▶ Records from a dataset
*** Block opens ***

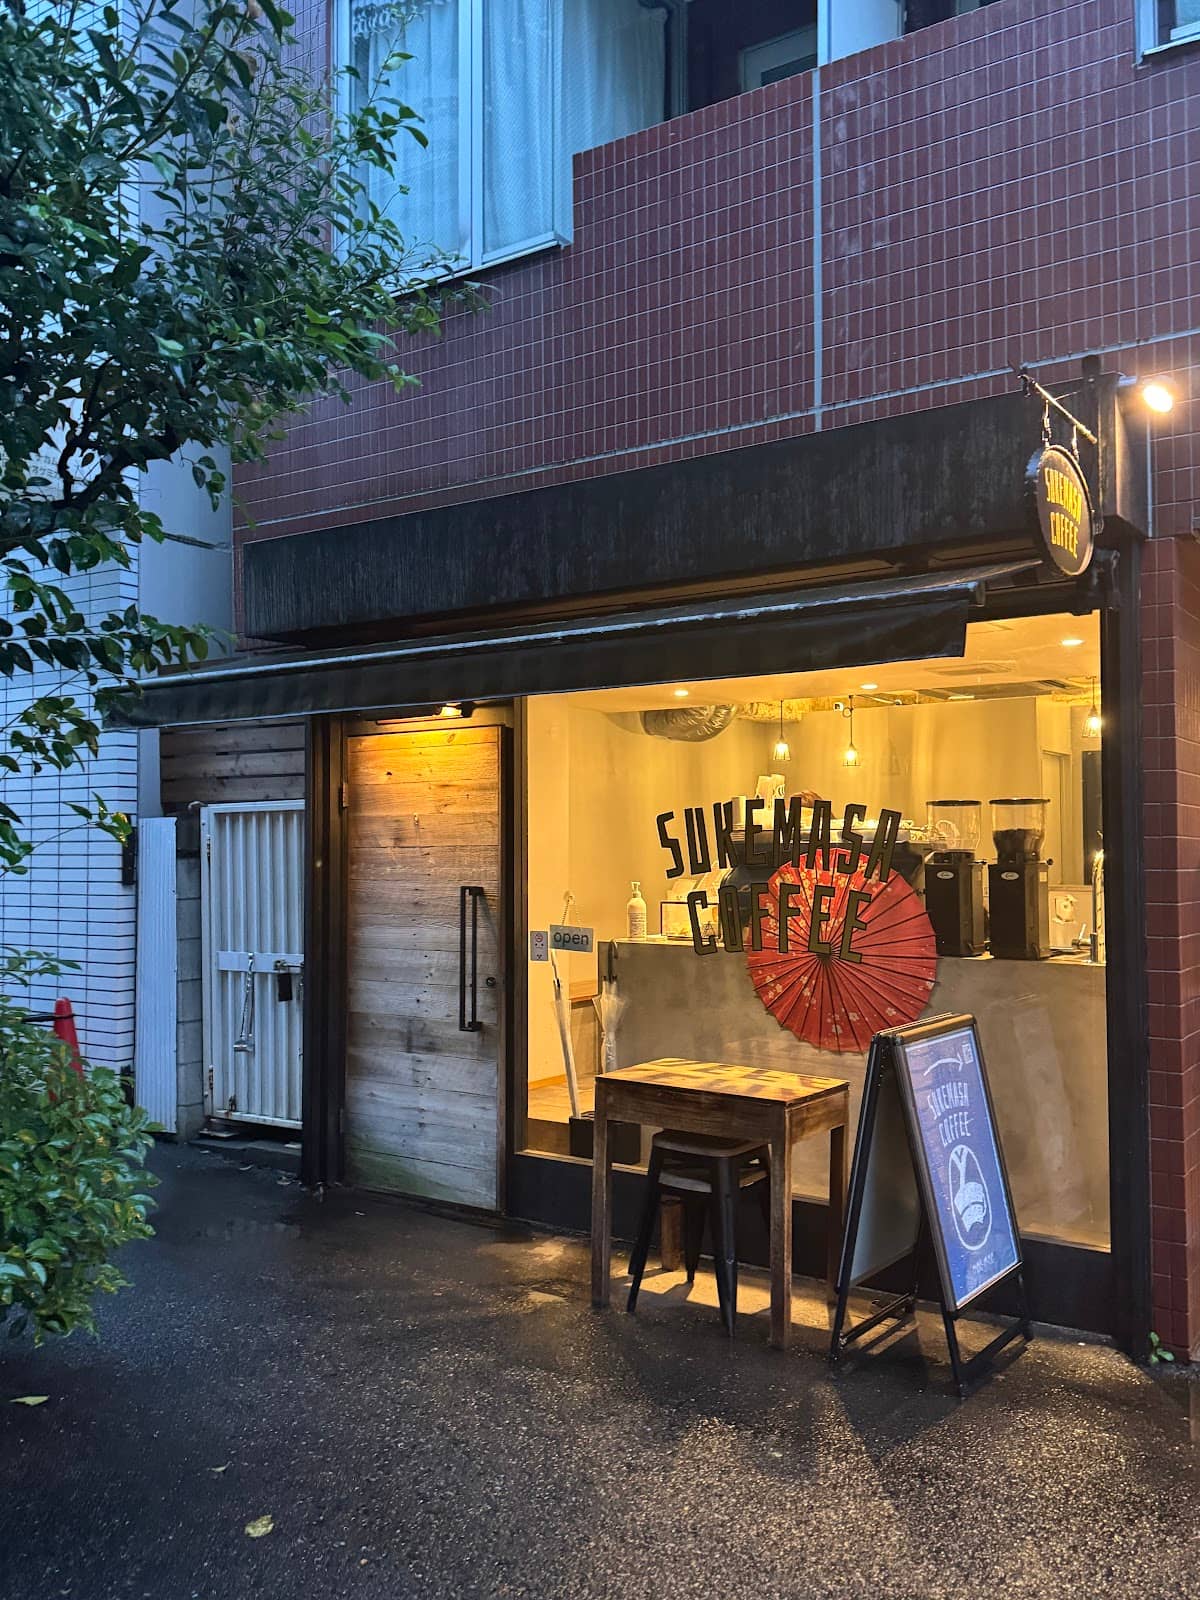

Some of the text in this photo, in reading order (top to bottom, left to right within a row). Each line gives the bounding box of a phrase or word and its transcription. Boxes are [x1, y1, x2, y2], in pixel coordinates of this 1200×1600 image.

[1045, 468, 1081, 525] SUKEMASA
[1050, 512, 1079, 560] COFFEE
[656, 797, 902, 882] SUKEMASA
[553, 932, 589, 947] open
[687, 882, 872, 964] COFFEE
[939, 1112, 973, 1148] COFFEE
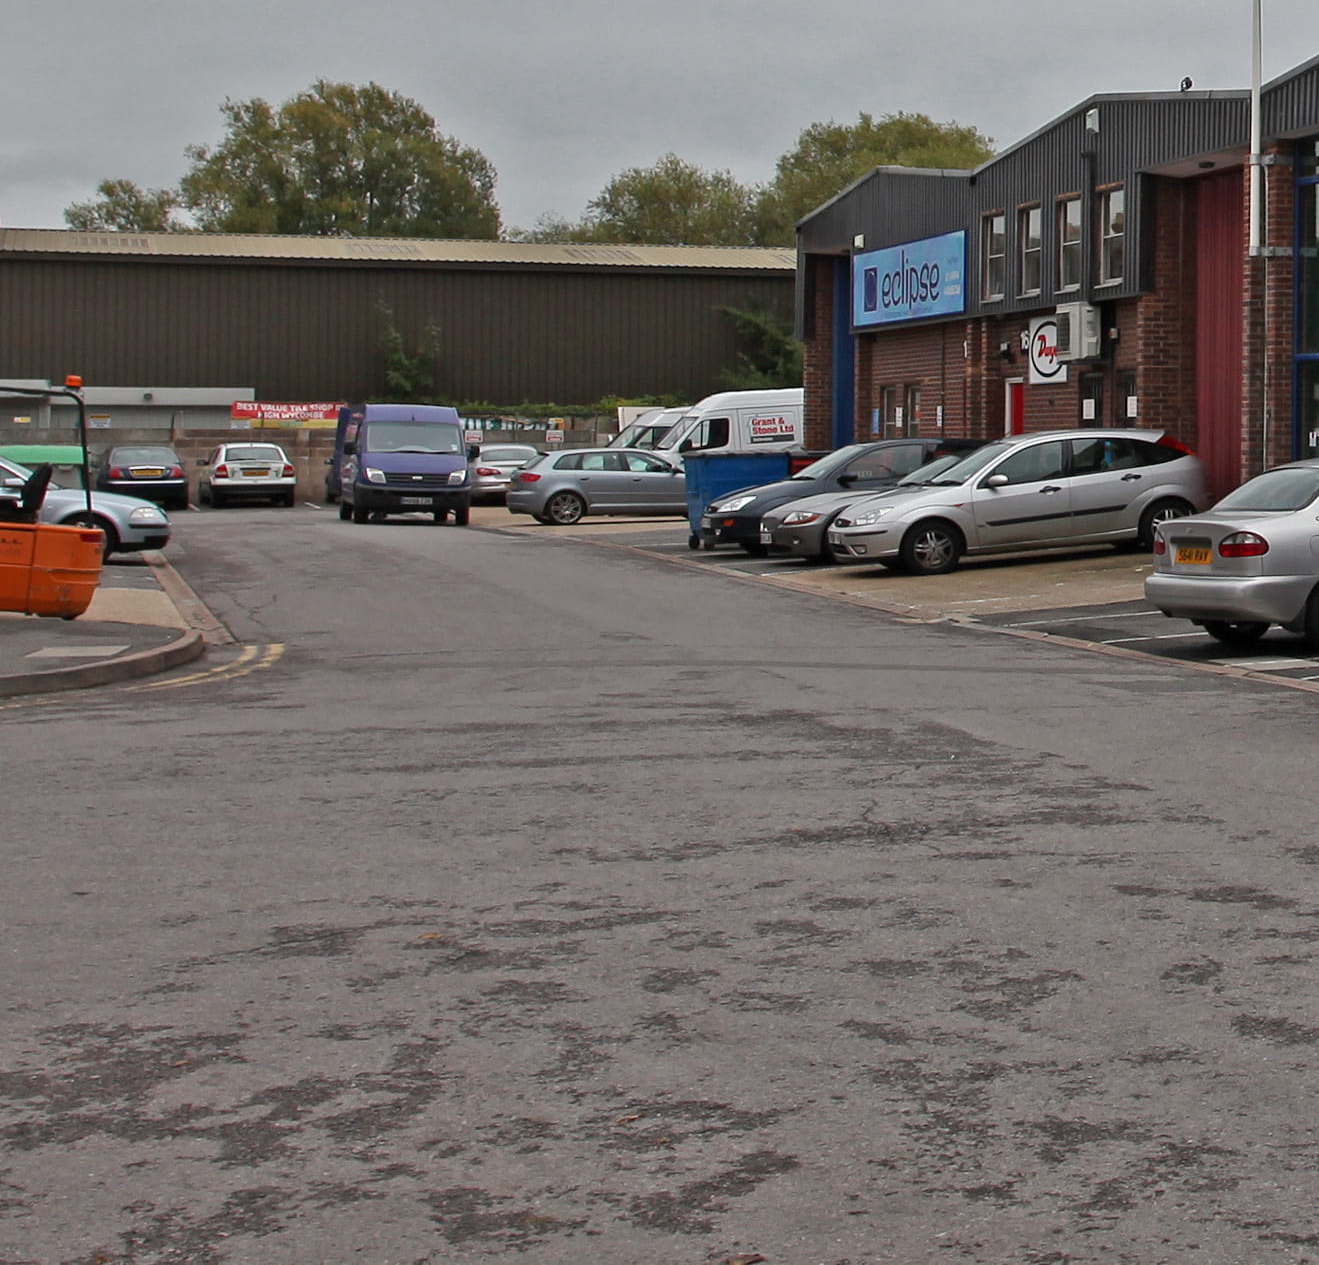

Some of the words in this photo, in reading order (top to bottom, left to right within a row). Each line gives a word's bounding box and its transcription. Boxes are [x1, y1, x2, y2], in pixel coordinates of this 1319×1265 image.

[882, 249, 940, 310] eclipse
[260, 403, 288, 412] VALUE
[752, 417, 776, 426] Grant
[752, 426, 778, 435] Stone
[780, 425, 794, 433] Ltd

*** Block closes ***

Write the lines out again exactly, from the one containing "Some of the words" through the last line of the records, and include no other lines.

▶ WRITTEN ANSWER
Some of the words in this photo, in reading order (top to bottom, left to right within a row). Each line gives a word's bounding box and its transcription. Boxes are [x1, y1, x2, y2], in pixel coordinates of this 1319×1265 image.

[882, 249, 940, 310] eclipse
[260, 403, 288, 412] VALUE
[752, 417, 776, 426] Grant
[752, 426, 778, 435] Stone
[780, 425, 794, 433] Ltd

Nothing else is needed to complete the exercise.